Task instructions:
Set down each record that follows exactly. Drop the images.

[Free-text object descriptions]
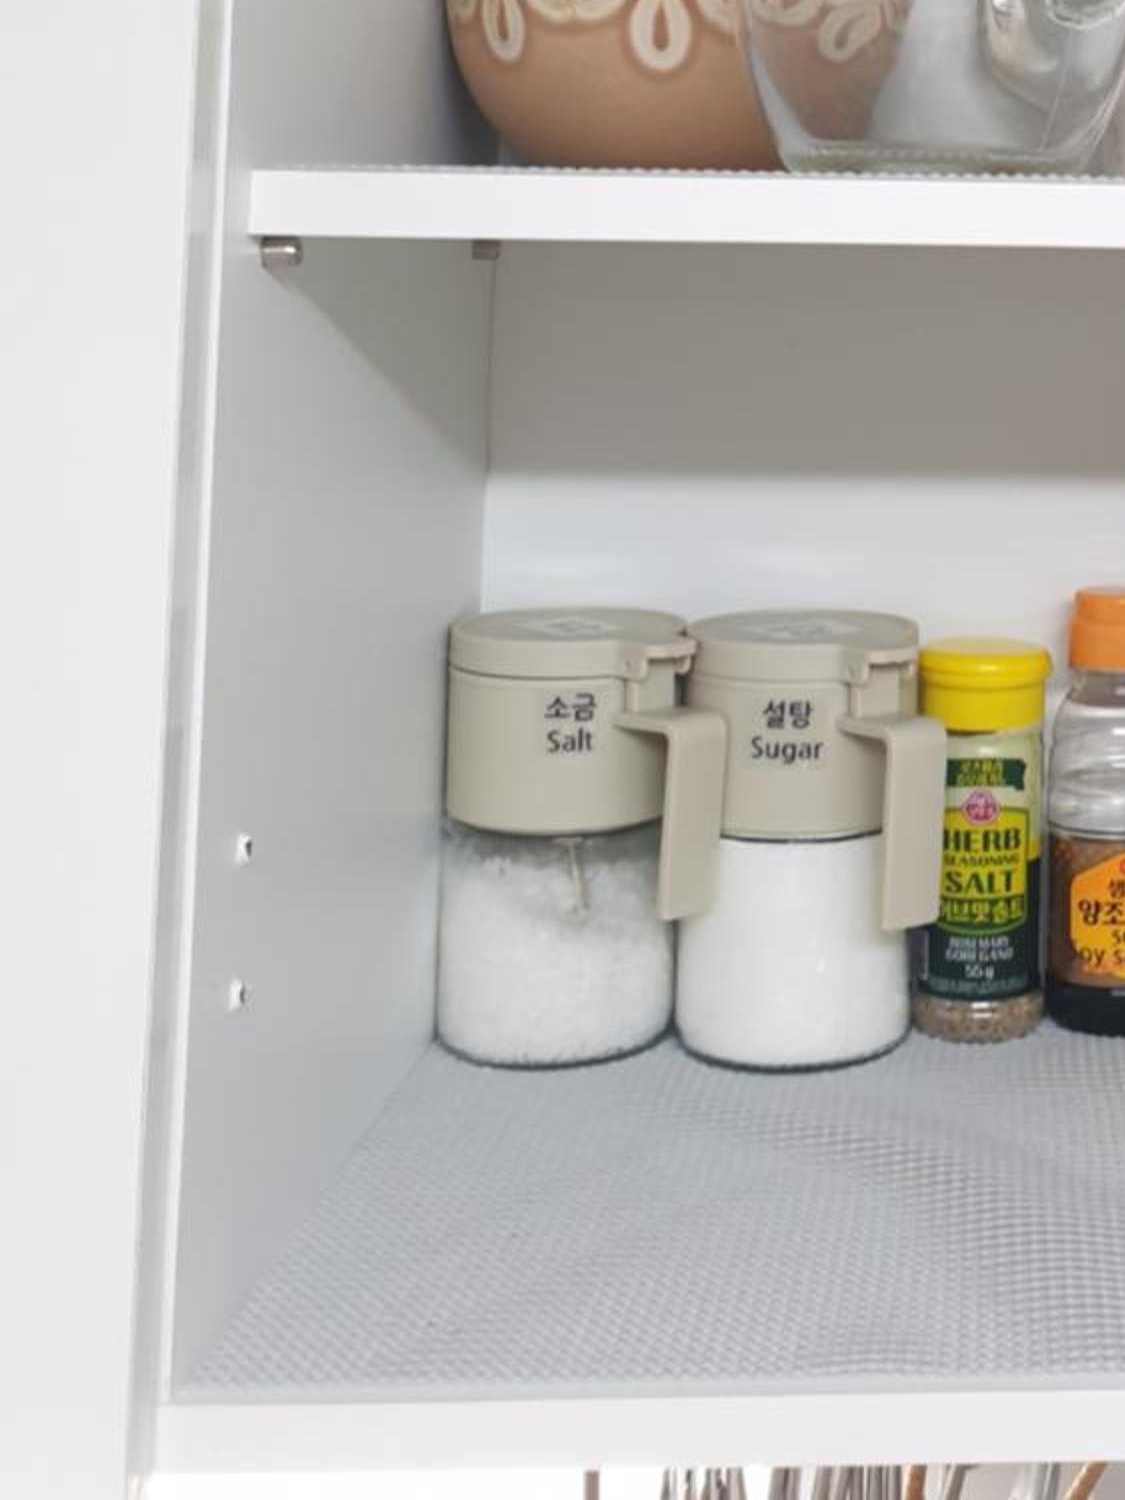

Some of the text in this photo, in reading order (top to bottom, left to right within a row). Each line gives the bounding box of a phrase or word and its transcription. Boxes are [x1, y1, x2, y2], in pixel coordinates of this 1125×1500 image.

[543, 693, 597, 721] 소금
[761, 699, 813, 730] 설탕
[547, 729, 593, 754] Salt
[751, 736, 824, 764] Sugar
[942, 828, 1021, 853] HERB
[944, 869, 1017, 894] SALT
[1075, 948, 1106, 968] oy
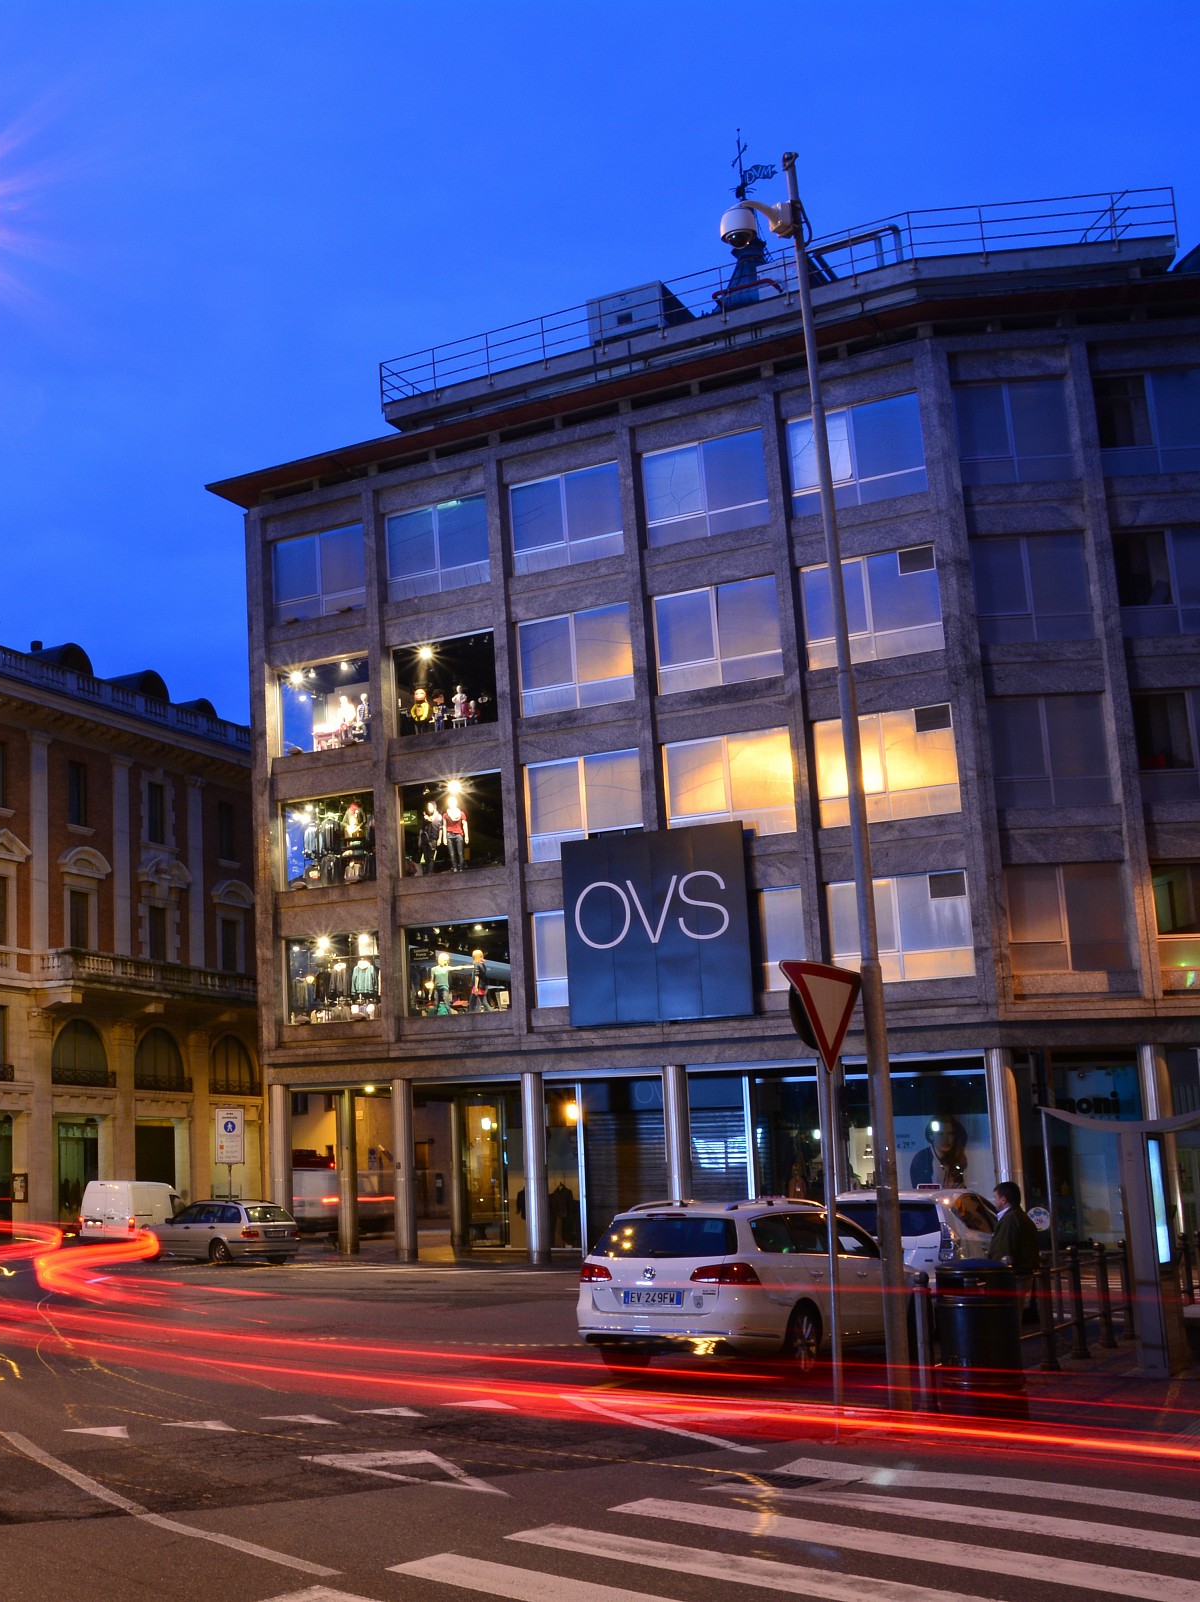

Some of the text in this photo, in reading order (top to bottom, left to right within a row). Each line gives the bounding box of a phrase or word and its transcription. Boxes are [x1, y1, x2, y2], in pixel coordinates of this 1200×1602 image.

[574, 870, 730, 950] OVS
[630, 1291, 676, 1304] EV 249FW
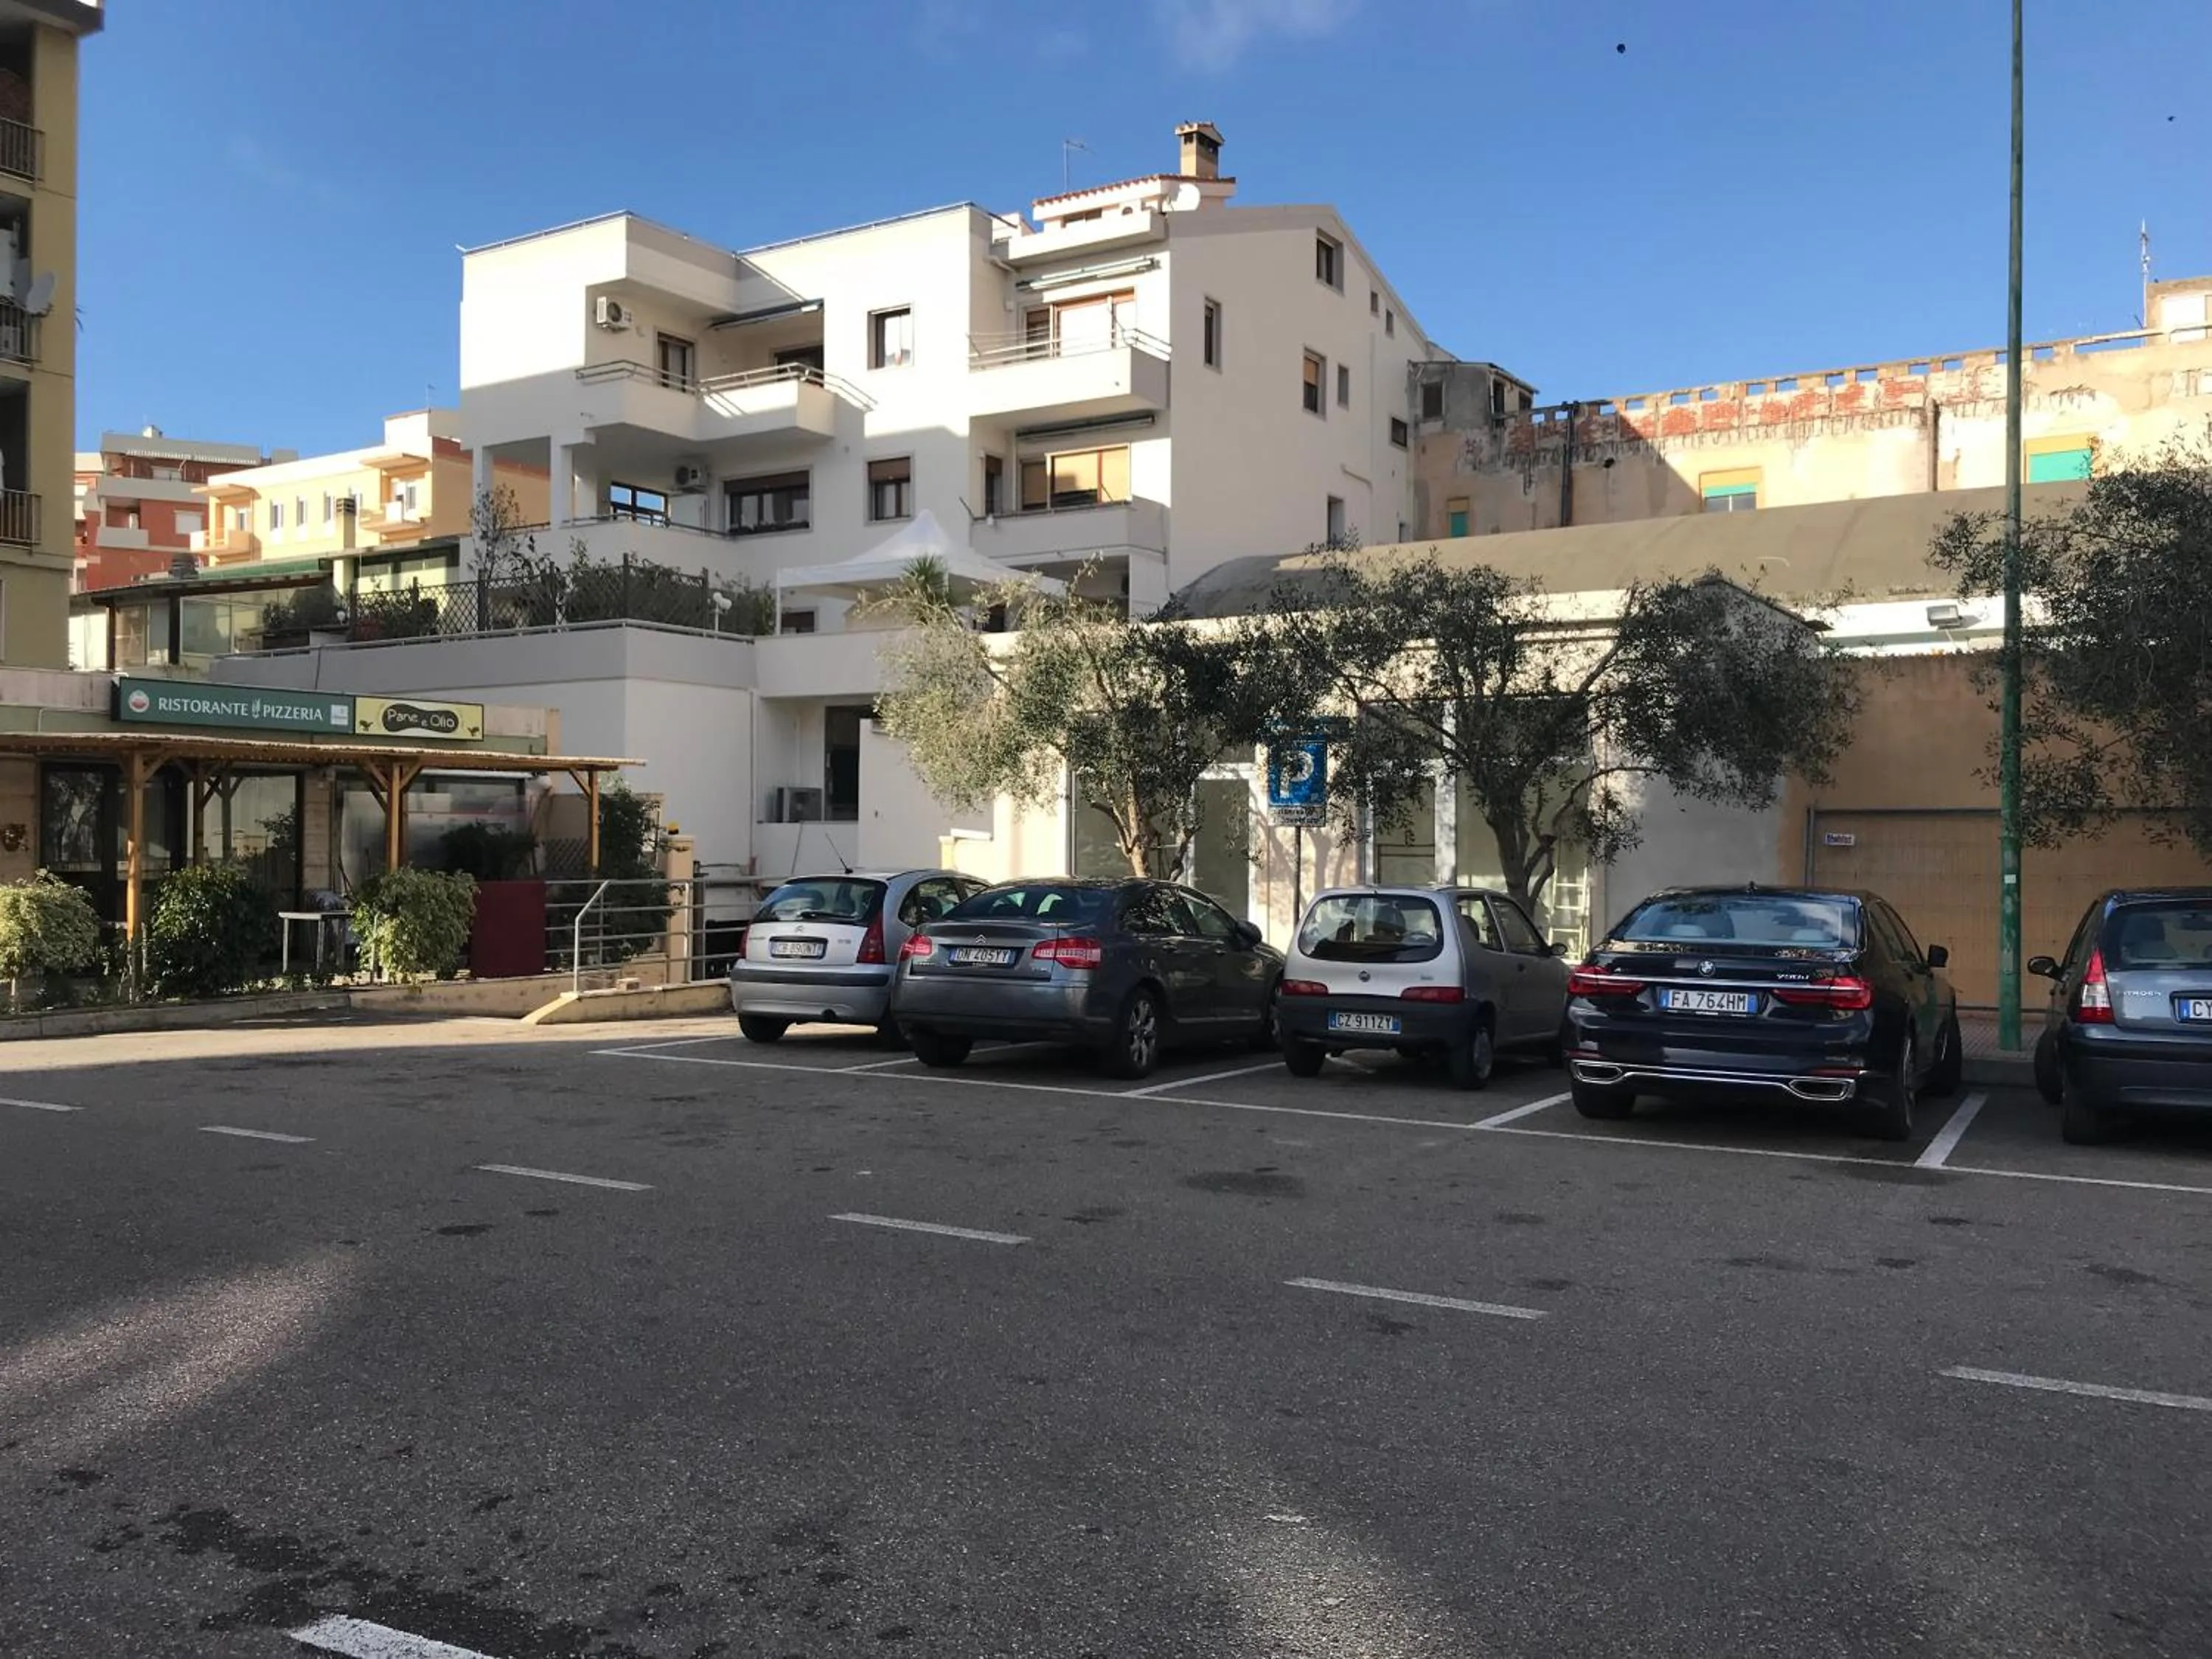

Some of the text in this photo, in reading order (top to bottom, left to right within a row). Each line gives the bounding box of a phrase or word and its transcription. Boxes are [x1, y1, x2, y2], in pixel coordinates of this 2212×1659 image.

Exercise answer:
Some of the text in this photo, in reading order (top to bottom, left to right within a row). Each line gives the bounding box of a phrase or word and its transcription. Boxes are [x1, y1, x2, y2], in pixel coordinates of this 1125×1500 image.

[543, 693, 597, 721] 소금
[761, 699, 813, 730] 설탕
[547, 729, 593, 754] Salt
[751, 736, 824, 764] Sugar
[942, 828, 1021, 853] HERB
[944, 869, 1017, 894] SALT
[1075, 948, 1106, 968] oy

Some of the text in this photo, in reading order (top to bottom, left to right within a row). Each line gives the bounding box of a phrase or word and its transcription. Boxes are [x1, y1, x2, y2], in pixel coordinates of this 1200×1602 image.

[574, 870, 730, 950] OVS
[630, 1291, 676, 1304] EV 249FW

Some of the text in this photo, in reading order (top to bottom, left to right within a row). Each line gives the bounding box of a phrase or word and its transcription. Boxes are [x1, y1, x2, y2], in pixel coordinates of this 2212×1659 image.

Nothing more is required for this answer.